Brian, you made a nice point about the increase in drinking, accidents involving drinking, and lower church attendance on Sundays as a result of removing blue laws. Though I have not personally verified those details, I can see how that is completely possible and I think most likely true. While it is good to keep church attendance up and drunk drivers off the streets, there is still no reason to enforce religious observances or regulations on anyone. Especially regarding church attendance I ask—of those people who left the churches after the blue laws were dropped, how many of them were truly going to church because that's where they preferred and desired to be? 

Now regarding the labor and economy aspect of the situation. While I agree it is good for everyone to take one day off per week, both from work (both public and private) and unnecessary travel (to reduce pollutants if you want to word it that way), I must disagree that Sunday blue laws are the answer. They are not in fact the answer. While they would accomplish this goal, it would be a violation of both God's Word and the conscience of millions of people!

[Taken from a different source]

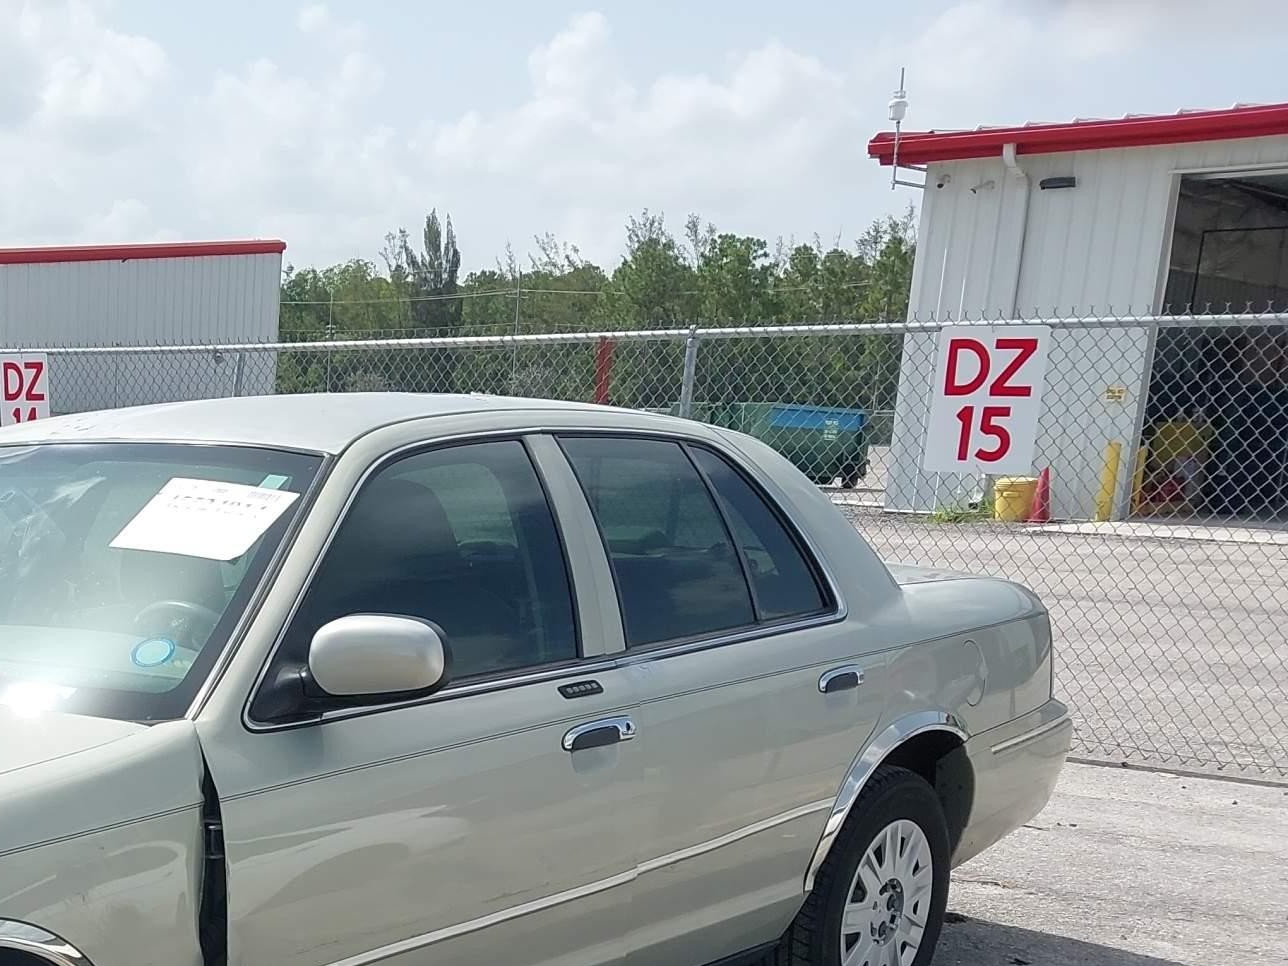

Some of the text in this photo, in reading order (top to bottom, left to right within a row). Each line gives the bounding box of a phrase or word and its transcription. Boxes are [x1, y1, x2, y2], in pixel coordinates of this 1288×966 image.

It is also against our Constitution. 

Brian, you also made a very weak point when you argued that because the old laws were especially harsh, in comparison to laws of today for similar crimes, should we thus avoid "all" laws regarding those crimes. That is an unfair statement as that is not what Ken was implying, nor does it make any sense to do such a thing. There is a big difference between rape and not keeping Sunday holy. Rape violates another person. Not keeping Sunday is only going to irritate people who believe in keeping Sunday (a day instituted by man and not God). 

Brian, in your argument you pointed out several reasons why blue laws are good and that as a result of those good points that we should not only keep existing blue laws but also implied more would be beneficial. My biggest point is this: it is not a good nor safe idea to suggest or support a law simply because of some good points when there are at least equally bad points! 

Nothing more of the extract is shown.